De padres argentinos, aunque de orígenes vascos, nació en Bruselas bajo un bombardeo alemán. "Mi nacimiento fue muy belicista", solía decir este gigante de voz de barítono y ojos de buzo, "debe ser por eso que solo me apunto a las revoluciones pacíficas". Lo hizo desde su primer libro hasta el último. La vida entendida como un juego simultáneamente poético y político, siempre antisolemne. Todo eso  resume el universo literario de Julio Cortázar,  quien nos invita hoy a celebrar su primer centenario con la sensación de que es sencillamente imposible. No puede haber pasado un siglo desde entonces. Aquel París infinito sigue vivo en las correrías de la Maga y Oliveira entre puentes y laberintos. Todavía podemos oír esa música de jazz que apasionaba al autor de Modelo para armar. Todavía lo vemos como un enorme árbol aislado en la llanura, de donde salen alternadamente los pájaros y los huracanes.

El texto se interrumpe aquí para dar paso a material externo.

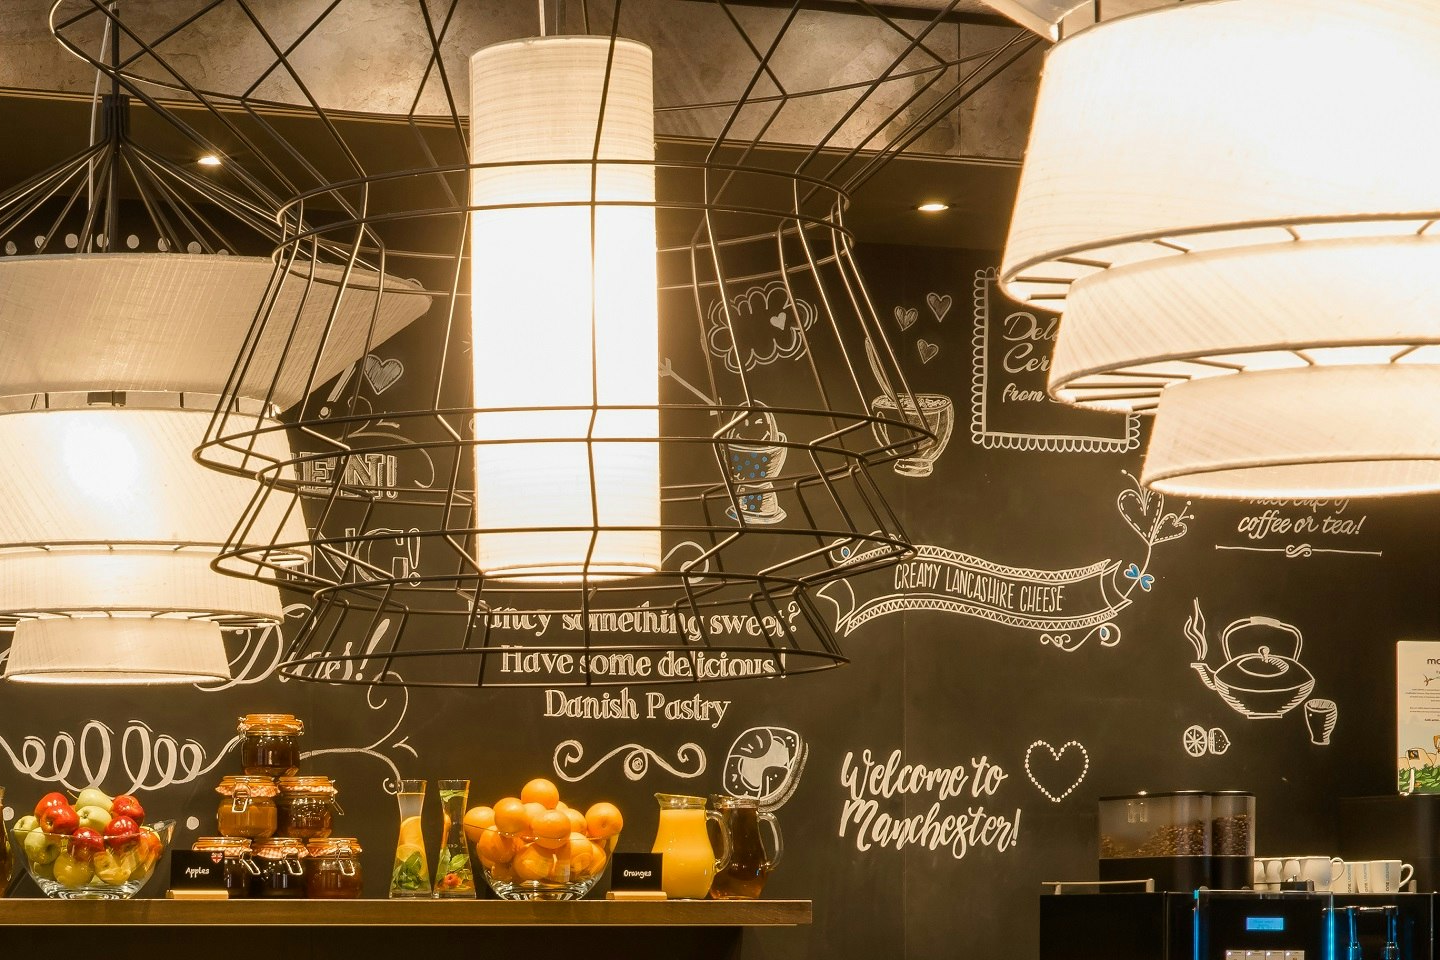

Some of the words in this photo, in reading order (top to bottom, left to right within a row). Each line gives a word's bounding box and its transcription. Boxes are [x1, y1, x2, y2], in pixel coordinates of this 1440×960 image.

Los primeros relatos de este trotamundos camusiano, extrañado, pero también entrañado en todas partes, no hablaban de la Pampa. Sueños bizarros, delirios futuristas, vampiros y fantasmas. De su pasión por lo sobrenatural, unida a su ironía y su debilidad por lo pulp, surgió esa versión ultramoderna del realismo mágico que desemboca en Rayuela.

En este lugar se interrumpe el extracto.